Tuesday, December 16, 2025

GOLD FROM MARYLAND?-YEP

 

Here in the Wisconsin woods winter seemed to arrive suddenly in early November. We were in a nice fall weather pattern with moderating winds tumbling down the maple leaves while I tried to keep the piles from a heavy covering of the grass. Boats were still on the river targeting freshwater river sturgeons and catfish. The “smarter” residents of my small neighborhood were in short sleeves installing outside Christmas lights and decorations. Then one night I heard the wind whistle in and here came Old Man Winter with freezing temps and in a couple of weeks night temps below zero. Thanksgiving arrived with blustering cold winds and snow while my spouse, daughter and I washed pots and pans for three hours at the community dinner. Then additional white stuff arrived, and the snow blower was cranked up several times.
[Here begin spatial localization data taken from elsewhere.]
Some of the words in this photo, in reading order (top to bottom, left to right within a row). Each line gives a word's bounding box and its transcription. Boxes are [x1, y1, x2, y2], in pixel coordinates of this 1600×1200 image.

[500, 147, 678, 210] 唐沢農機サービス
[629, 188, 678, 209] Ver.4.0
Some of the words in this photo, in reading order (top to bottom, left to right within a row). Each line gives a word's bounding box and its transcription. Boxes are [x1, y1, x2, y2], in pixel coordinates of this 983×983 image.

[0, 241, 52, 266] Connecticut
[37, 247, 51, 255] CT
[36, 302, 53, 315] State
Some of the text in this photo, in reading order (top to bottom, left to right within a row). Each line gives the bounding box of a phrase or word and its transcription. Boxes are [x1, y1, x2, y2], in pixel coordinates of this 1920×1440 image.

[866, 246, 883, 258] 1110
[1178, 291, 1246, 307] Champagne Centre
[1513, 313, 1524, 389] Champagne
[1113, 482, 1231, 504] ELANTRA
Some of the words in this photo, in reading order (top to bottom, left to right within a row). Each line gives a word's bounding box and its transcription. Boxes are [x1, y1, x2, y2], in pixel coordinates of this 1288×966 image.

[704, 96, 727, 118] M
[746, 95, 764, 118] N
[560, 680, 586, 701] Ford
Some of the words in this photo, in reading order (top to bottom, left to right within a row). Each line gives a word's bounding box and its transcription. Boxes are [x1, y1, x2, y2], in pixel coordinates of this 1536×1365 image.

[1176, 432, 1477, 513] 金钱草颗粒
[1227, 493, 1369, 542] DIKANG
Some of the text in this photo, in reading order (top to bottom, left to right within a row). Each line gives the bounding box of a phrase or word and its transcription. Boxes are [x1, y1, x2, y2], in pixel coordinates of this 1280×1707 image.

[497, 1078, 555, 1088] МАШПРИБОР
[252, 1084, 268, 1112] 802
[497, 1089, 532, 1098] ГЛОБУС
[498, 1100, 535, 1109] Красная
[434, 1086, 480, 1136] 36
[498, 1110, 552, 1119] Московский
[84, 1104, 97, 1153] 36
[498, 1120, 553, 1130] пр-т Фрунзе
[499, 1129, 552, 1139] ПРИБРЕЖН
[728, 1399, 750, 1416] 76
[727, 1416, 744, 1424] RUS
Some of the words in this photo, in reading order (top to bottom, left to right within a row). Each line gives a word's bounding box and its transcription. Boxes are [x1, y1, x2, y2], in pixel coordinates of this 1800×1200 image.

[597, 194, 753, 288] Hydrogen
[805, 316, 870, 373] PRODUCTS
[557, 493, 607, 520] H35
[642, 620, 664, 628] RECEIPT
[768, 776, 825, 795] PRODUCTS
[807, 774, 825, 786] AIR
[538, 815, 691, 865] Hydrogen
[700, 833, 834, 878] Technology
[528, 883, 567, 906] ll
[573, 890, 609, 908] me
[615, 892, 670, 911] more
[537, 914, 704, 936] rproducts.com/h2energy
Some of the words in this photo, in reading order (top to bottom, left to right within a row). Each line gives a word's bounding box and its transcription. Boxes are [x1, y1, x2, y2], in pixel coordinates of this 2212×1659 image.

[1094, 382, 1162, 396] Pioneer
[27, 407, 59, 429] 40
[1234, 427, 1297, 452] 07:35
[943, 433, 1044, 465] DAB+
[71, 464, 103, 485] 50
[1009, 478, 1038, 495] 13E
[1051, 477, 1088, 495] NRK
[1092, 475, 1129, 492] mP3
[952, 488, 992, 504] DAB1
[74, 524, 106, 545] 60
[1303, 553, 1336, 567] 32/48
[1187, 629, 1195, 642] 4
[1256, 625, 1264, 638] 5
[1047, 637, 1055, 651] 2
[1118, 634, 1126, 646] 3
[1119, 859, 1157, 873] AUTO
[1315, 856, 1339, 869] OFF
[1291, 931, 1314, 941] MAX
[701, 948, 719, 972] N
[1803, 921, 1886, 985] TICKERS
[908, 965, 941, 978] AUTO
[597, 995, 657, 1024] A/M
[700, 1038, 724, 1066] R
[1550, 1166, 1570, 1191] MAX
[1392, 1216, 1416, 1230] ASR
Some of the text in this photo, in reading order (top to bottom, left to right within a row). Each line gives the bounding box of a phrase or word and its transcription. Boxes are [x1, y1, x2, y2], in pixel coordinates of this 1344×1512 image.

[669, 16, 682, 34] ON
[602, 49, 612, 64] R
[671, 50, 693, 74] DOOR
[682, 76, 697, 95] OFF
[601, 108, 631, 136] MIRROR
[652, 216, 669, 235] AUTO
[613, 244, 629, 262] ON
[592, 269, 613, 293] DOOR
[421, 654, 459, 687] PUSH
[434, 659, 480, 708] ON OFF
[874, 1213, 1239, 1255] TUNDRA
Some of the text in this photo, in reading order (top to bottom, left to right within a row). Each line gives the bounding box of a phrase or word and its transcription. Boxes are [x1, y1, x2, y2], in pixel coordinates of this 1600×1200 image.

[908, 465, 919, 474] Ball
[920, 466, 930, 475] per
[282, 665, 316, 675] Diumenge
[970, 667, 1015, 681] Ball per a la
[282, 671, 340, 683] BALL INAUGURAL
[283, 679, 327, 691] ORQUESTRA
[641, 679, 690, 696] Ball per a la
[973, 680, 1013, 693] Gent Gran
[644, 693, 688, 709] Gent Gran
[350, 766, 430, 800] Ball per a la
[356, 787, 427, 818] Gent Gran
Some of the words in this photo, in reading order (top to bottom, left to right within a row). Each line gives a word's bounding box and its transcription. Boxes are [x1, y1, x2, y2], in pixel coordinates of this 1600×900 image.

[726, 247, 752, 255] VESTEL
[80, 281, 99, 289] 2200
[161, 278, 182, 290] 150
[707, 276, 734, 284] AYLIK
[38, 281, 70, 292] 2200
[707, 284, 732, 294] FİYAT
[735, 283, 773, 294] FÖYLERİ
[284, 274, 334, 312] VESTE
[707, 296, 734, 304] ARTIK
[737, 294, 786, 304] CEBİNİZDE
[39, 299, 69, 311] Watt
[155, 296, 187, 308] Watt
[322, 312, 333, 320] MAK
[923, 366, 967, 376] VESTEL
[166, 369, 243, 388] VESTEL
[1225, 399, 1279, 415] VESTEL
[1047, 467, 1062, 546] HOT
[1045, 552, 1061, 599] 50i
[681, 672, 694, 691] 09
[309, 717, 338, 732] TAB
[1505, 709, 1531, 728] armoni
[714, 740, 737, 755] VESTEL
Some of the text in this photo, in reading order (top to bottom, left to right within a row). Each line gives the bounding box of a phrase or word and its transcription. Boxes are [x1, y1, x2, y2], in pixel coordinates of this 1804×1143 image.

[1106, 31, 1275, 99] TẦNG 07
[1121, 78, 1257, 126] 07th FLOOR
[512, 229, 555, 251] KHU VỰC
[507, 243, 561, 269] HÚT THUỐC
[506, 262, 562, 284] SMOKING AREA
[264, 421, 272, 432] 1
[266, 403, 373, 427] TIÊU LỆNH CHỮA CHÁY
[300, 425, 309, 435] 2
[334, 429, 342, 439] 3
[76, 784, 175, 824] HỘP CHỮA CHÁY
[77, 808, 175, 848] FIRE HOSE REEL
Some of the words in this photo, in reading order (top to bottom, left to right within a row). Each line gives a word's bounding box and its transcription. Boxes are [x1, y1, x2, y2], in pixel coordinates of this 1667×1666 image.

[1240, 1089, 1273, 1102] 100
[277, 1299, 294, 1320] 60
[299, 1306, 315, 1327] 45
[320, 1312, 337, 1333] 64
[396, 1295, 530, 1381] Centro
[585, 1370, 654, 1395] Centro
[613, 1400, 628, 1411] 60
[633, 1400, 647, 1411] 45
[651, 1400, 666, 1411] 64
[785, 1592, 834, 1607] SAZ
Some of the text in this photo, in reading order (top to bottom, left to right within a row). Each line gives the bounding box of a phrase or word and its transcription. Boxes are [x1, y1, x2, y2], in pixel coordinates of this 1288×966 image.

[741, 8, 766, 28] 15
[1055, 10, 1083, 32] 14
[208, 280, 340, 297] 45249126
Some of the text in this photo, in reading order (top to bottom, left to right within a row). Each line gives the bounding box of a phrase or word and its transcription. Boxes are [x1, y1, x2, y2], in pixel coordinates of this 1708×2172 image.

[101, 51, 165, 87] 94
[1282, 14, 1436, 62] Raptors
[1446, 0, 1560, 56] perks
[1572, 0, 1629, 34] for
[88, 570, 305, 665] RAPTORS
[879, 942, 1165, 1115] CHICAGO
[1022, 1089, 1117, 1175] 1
The big post-Thanksgiving events were: 1) the full moon, AKA the Cold Moon, arriving on December 4 floating above the eastern River bluffs as it started its journey across the sky to the western bluffs; and 2) the appearance of the first ice fisherman on the backwaters—a sure sign that winter had “really” arrived. In fact, we seem to be in the middle of several polar vortices keeping the temps “chilly”! Today, the 16th of December, we are in a warm spell---the first time in several weeks the daytime temp was above freezing. Four days ago, the temp dropped down to at least 10 below with wind chills in the minus 20s. Hard water is here and the ice fishers are scattered on most bays, many snug in their little houses compete with heaters and TVs (to watch the Packers play football).

But the autumnal change to the cold season is a good thing for old rockhounds—I can hibernate in the downstairs office and play with minerals without being concerned about much outside yard work.  And the first of December is a sure sign that the Tucson shows are but two months away. Last year I missed the shows due to “settling in”  at our new abode in Wisconsin. Not so this coming season as Tucson here we come!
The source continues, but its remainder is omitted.